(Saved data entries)
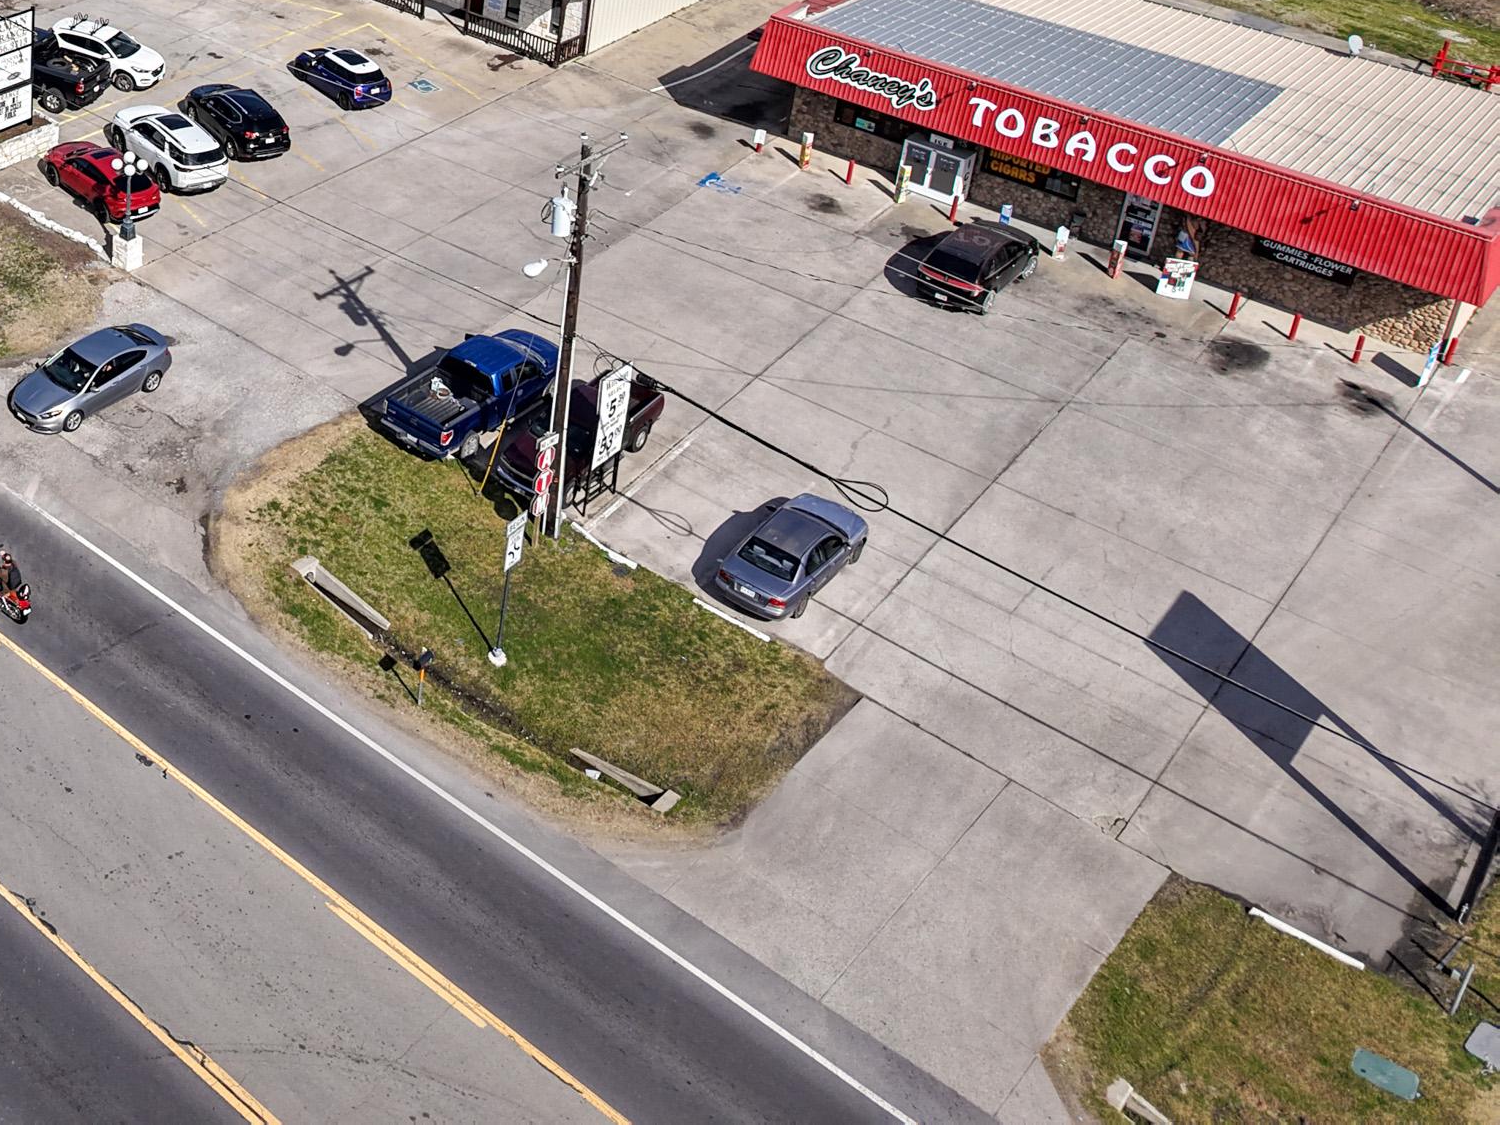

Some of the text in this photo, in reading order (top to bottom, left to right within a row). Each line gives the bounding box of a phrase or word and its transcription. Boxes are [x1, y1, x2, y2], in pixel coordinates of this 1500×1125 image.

[807, 46, 935, 110] Chaney's
[969, 97, 1216, 199] TOBACCO
[990, 160, 1036, 184] CIGARS
[1262, 239, 1353, 275] GUMMIES FLOWER
[1275, 252, 1334, 277] CARTRIDGES
[534, 448, 554, 515] ATM
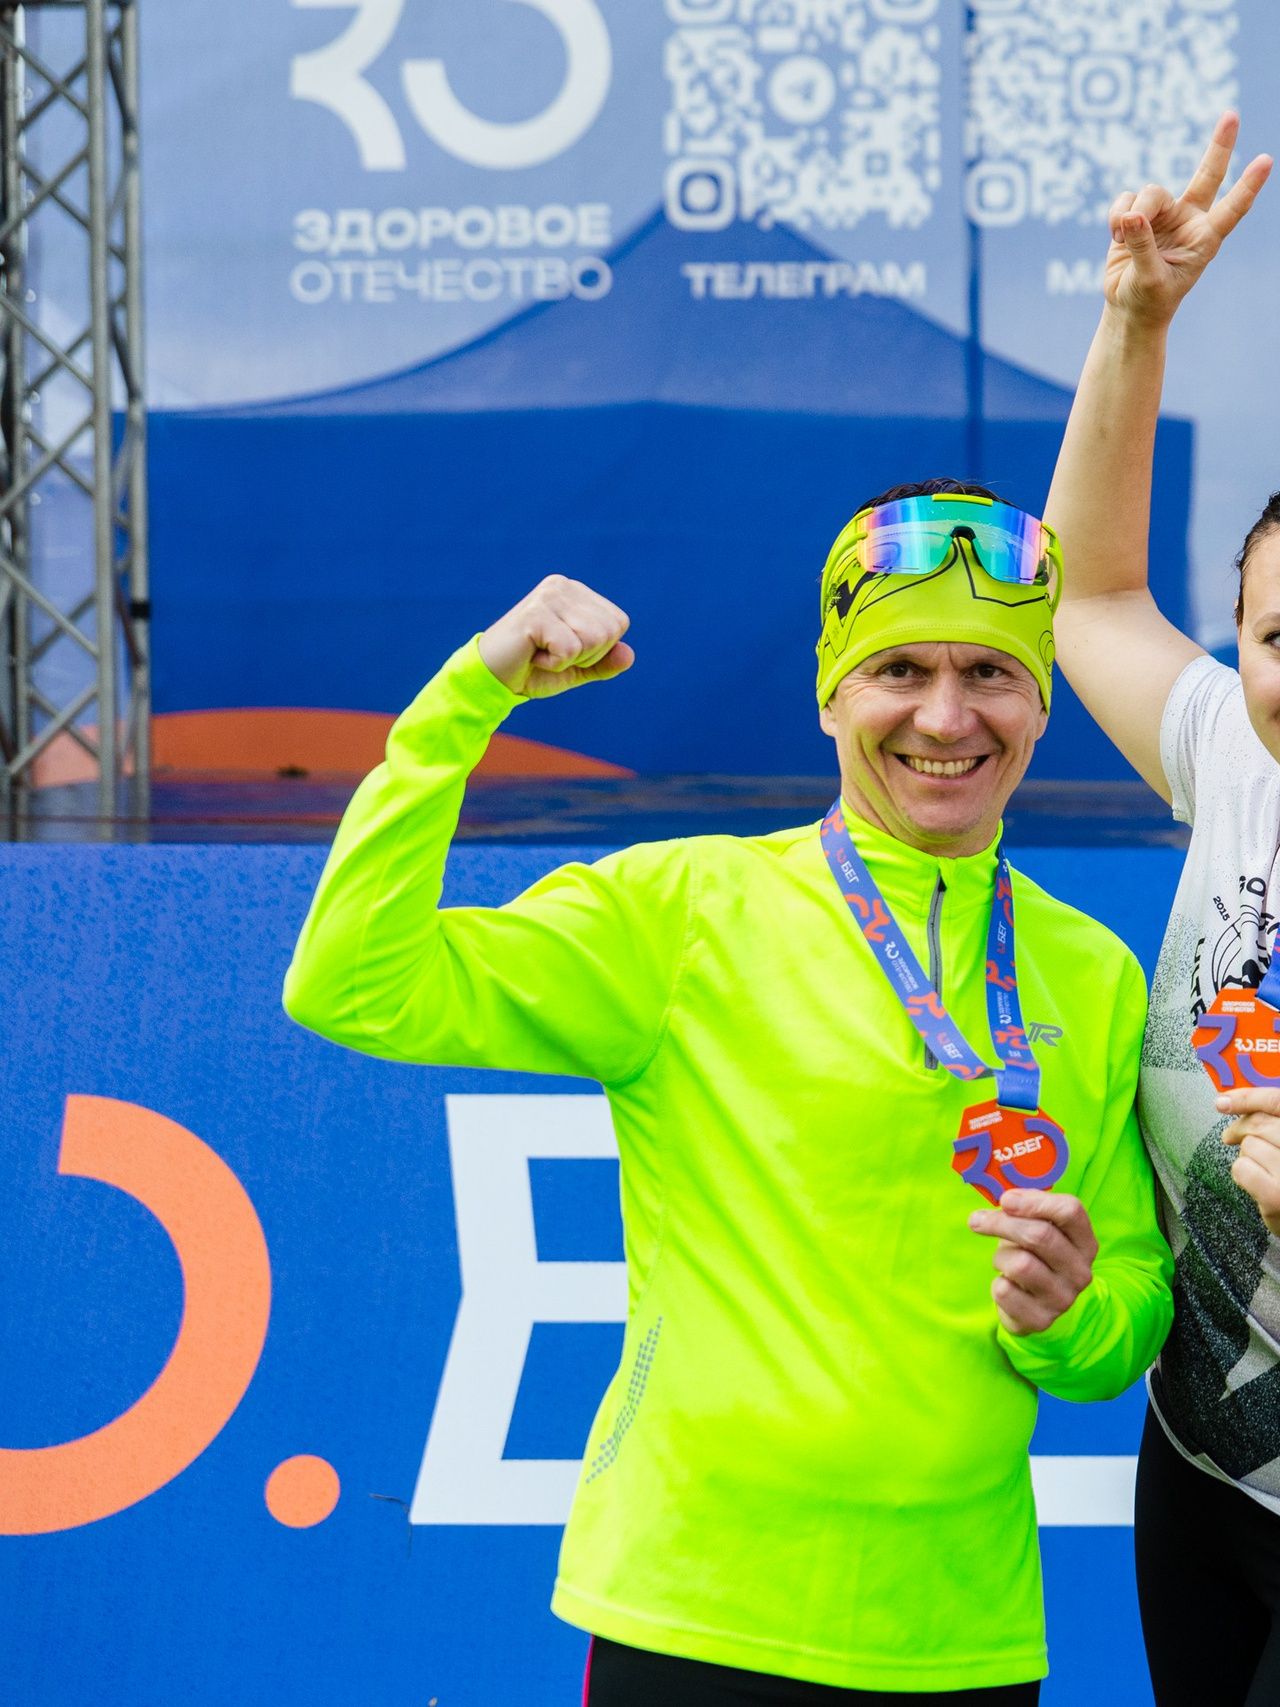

**What the task requires**
Word for word, restate all of the records. Exclude the pictures.

**Result of the task**
Some of the text in this photo, in reading order (top to bottom, left to right within a row). Each line gives the bounding box of a phrase or word and its transcription. Boxes are [x1, y1, x2, y2], in pixel coordinates of this 1500×1125 image.

[807, 46, 935, 110] Chaney's
[969, 97, 1216, 199] TOBACCO
[990, 160, 1036, 184] CIGARS
[1262, 239, 1353, 275] GUMMIES FLOWER
[1275, 252, 1334, 277] CARTRIDGES
[534, 448, 554, 515] ATM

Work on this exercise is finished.